== Exercise aim ==
Repeat each record exactly, skipping the pictures.

Dataset entries:
————
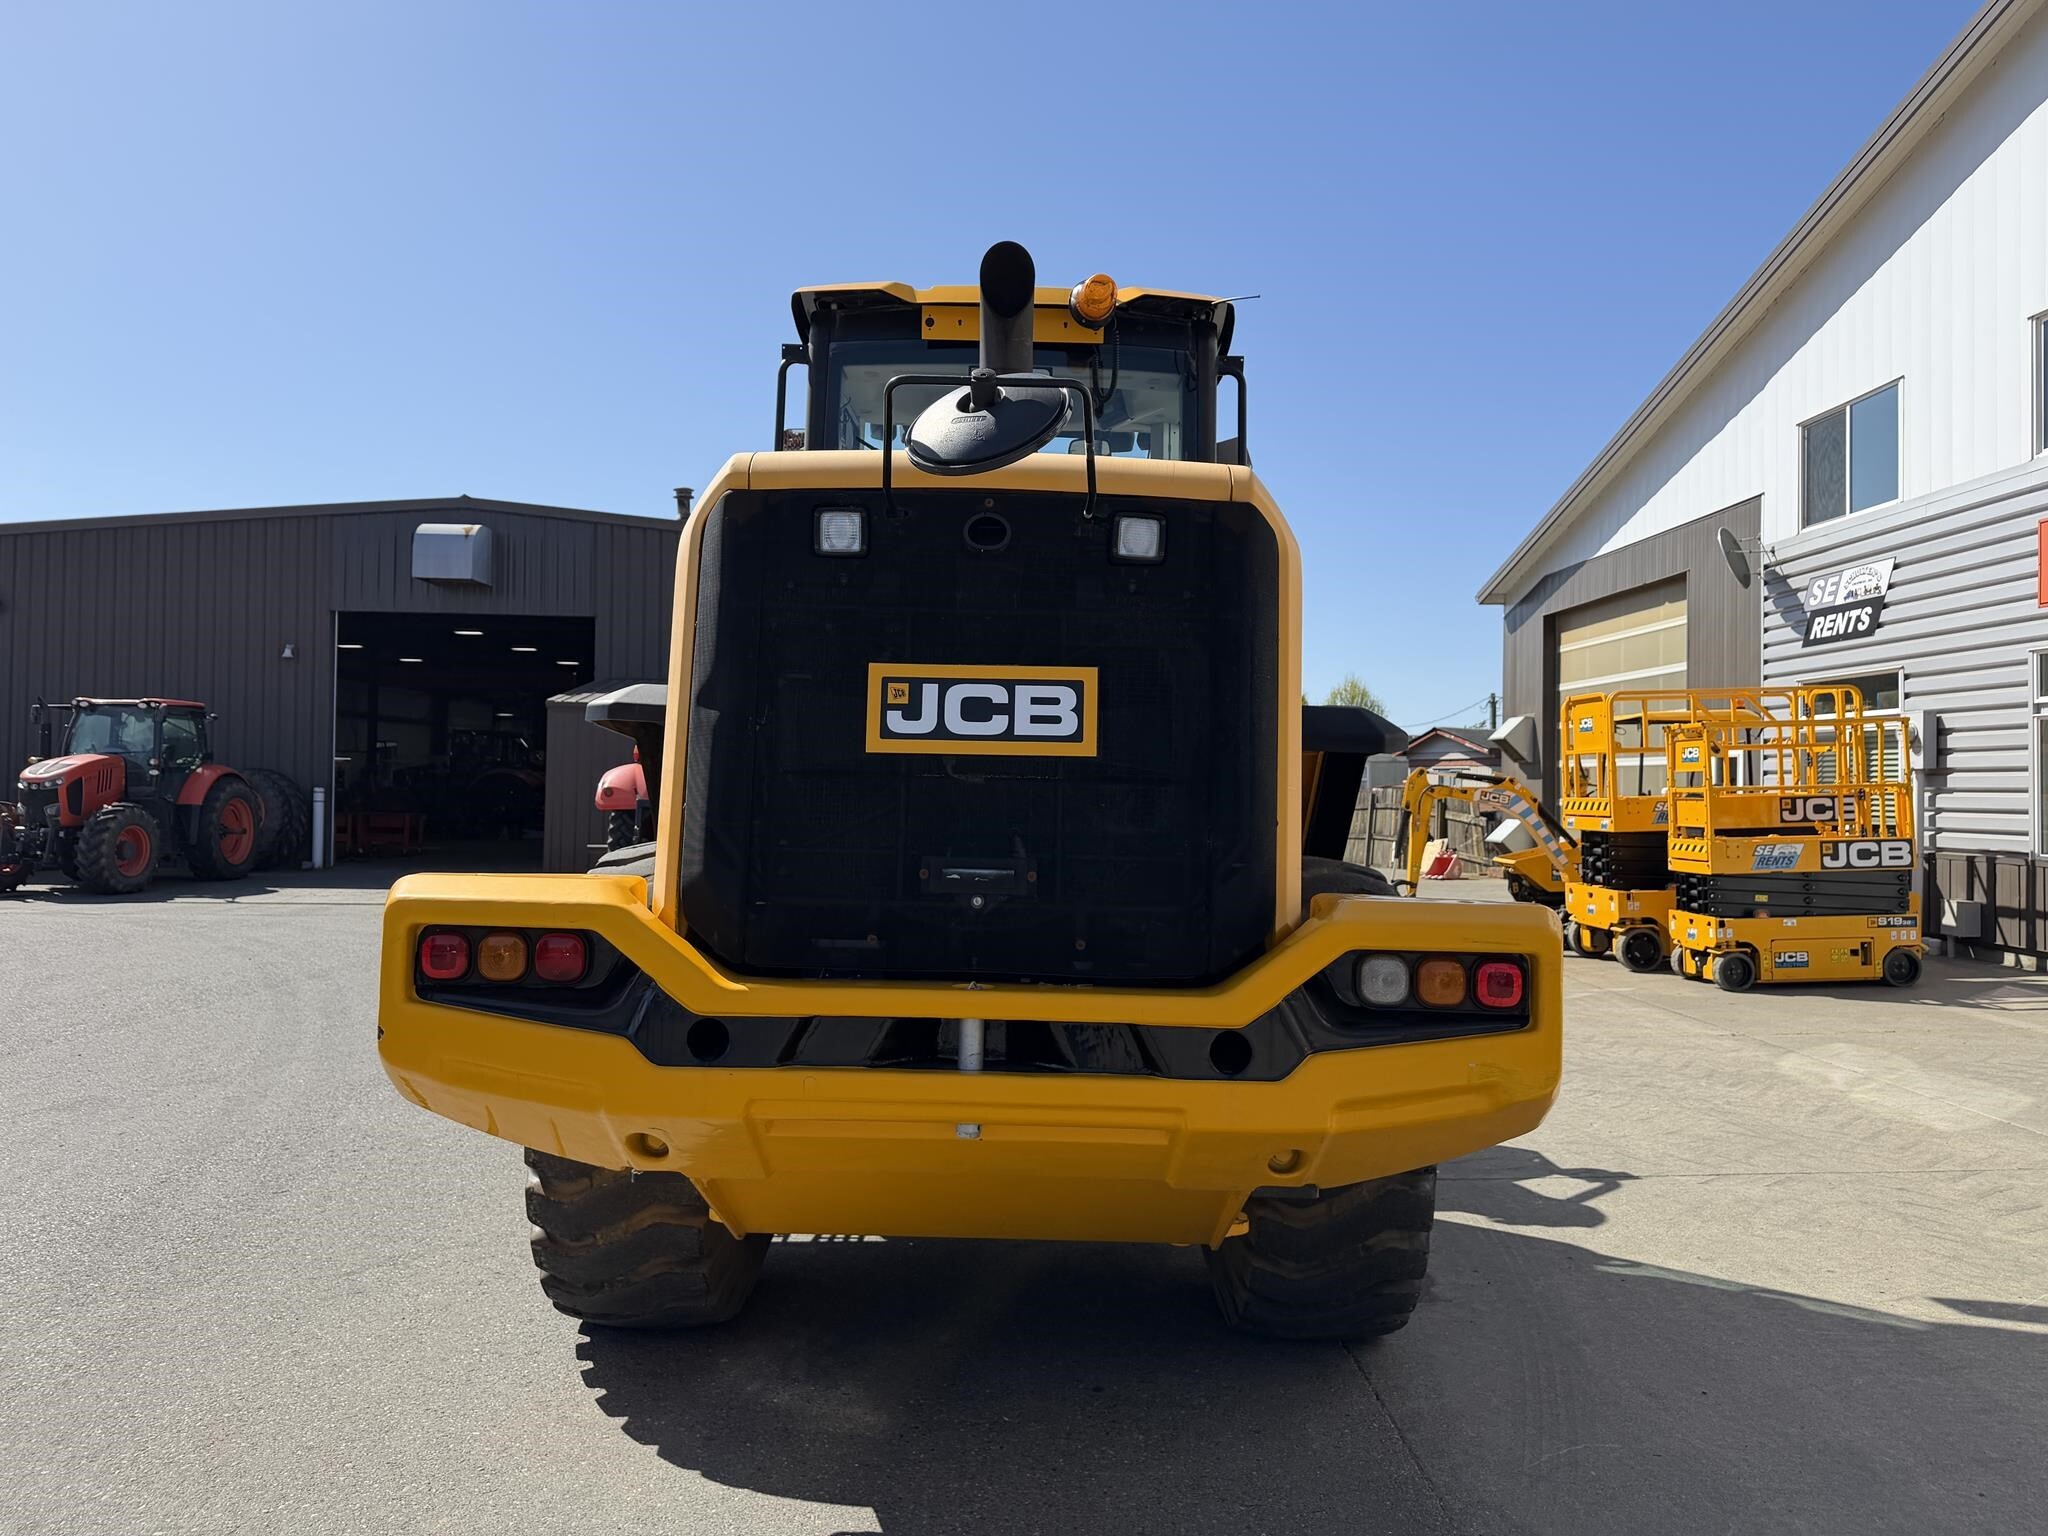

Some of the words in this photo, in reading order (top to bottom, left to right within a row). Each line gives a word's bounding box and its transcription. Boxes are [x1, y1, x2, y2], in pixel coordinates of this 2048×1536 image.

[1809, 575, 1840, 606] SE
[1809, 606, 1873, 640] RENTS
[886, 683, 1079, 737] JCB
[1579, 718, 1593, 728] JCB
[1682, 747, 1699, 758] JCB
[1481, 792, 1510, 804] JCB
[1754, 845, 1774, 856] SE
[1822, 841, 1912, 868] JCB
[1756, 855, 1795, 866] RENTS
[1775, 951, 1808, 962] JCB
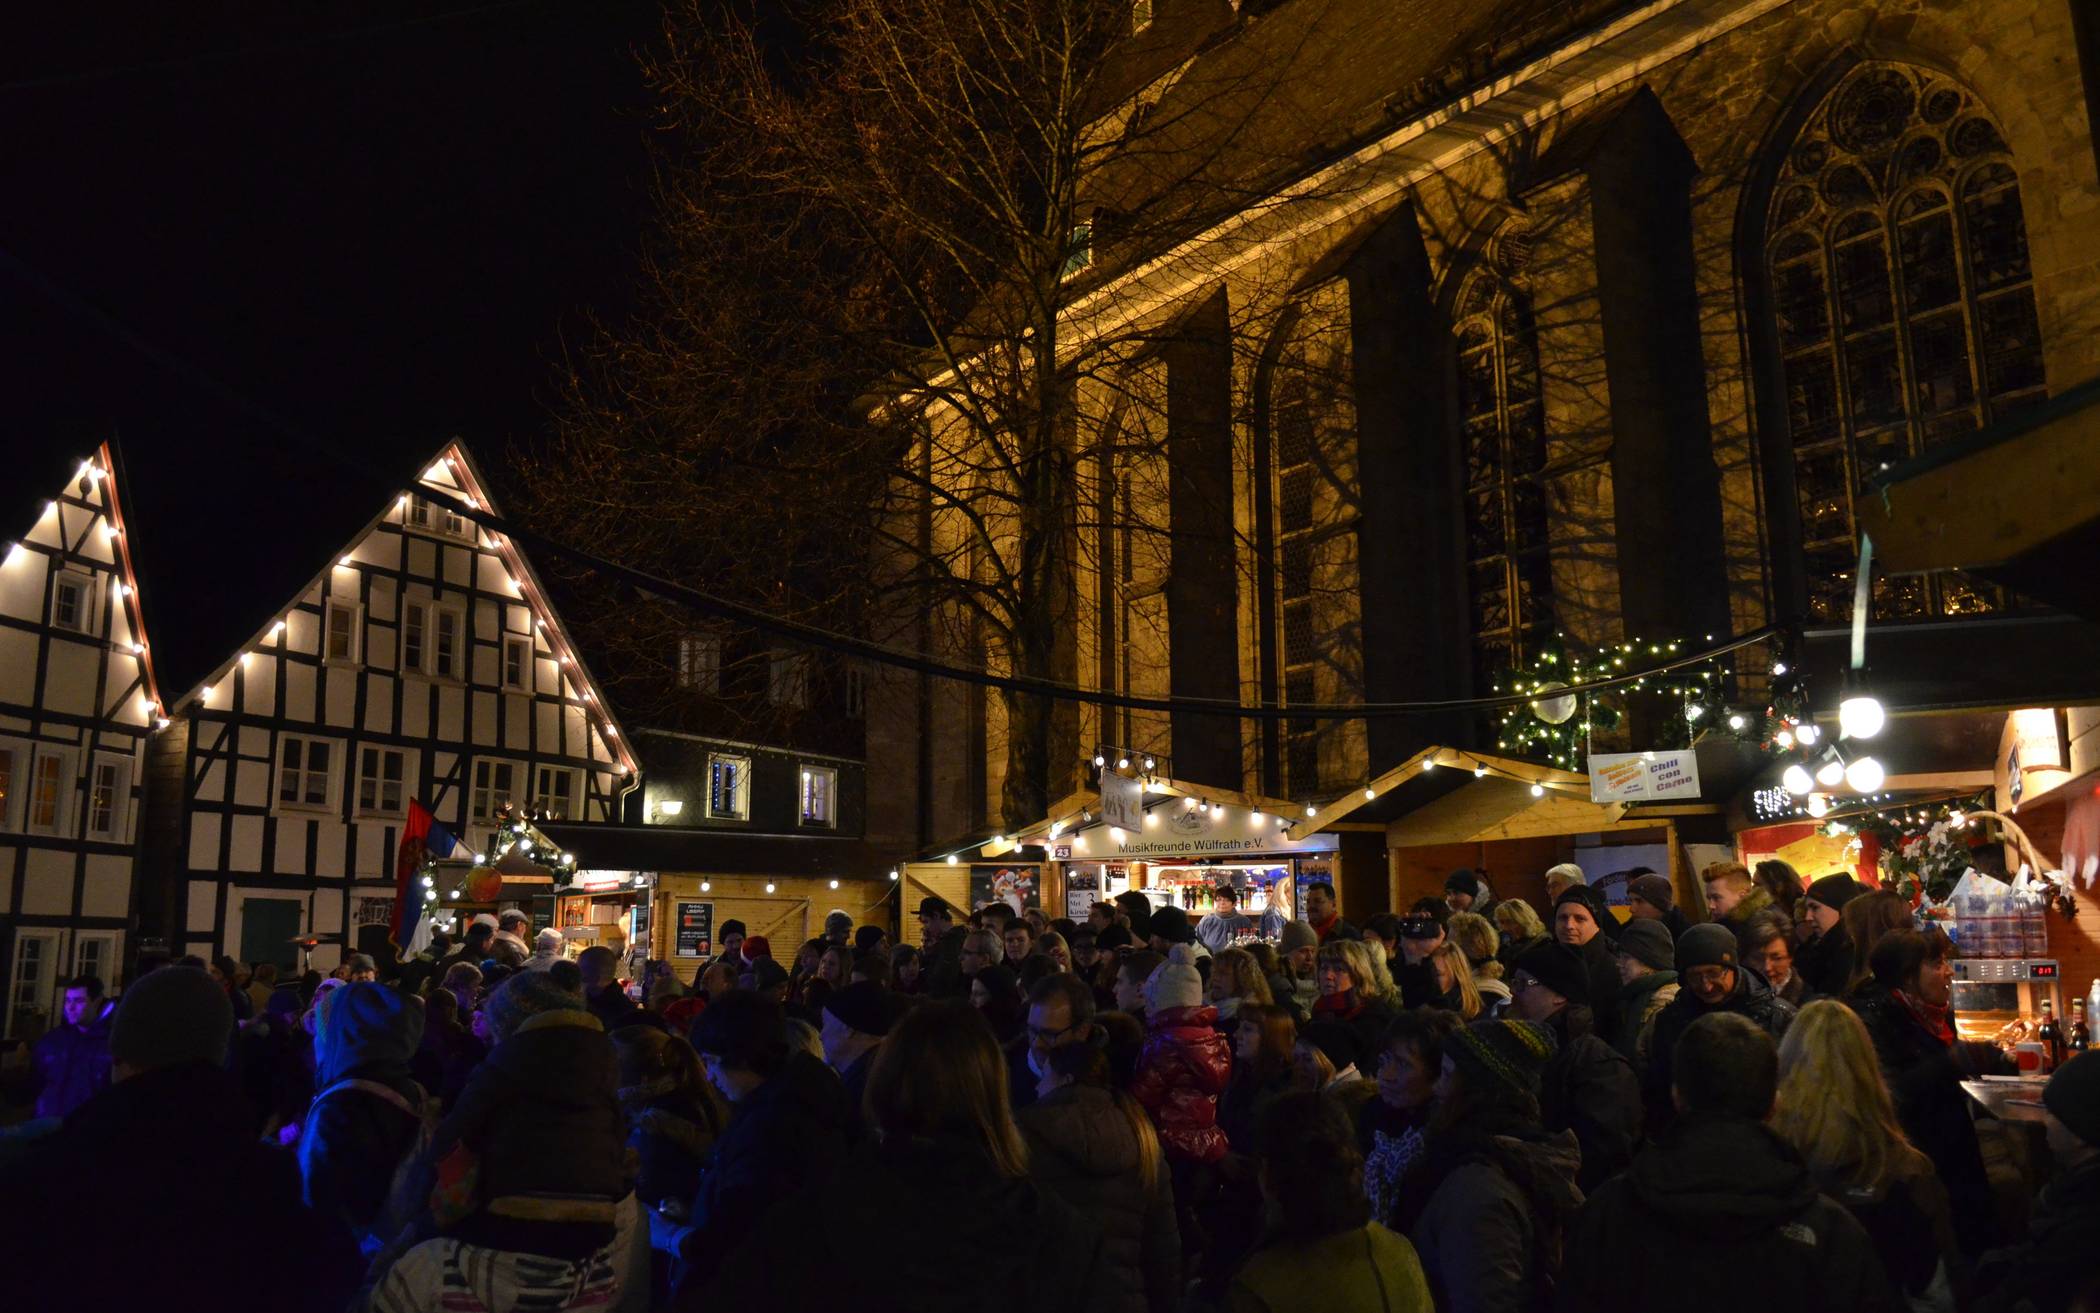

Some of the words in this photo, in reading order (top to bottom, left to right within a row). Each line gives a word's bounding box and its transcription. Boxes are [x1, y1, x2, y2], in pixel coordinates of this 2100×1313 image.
————
== Result of the task ==
Some of the words in this photo, in reading order (top to bottom, left to right within a row). Each line gives a word's bounding box and its transcription. Boxes are [x1, y1, x2, y2], in pixel coordinates of this 2048×1536 image.

[1809, 575, 1840, 606] SE
[1809, 606, 1873, 640] RENTS
[886, 683, 1079, 737] JCB
[1579, 718, 1593, 728] JCB
[1682, 747, 1699, 758] JCB
[1481, 792, 1510, 804] JCB
[1754, 845, 1774, 856] SE
[1822, 841, 1912, 868] JCB
[1756, 855, 1795, 866] RENTS
[1775, 951, 1808, 962] JCB

Some of the words in this photo, in reading order (top to bottom, left to right within a row). Each line gives a word's bounding box and its transcription. Boxes are [x1, y1, x2, y2], in pixel coordinates of this 2100×1313 image.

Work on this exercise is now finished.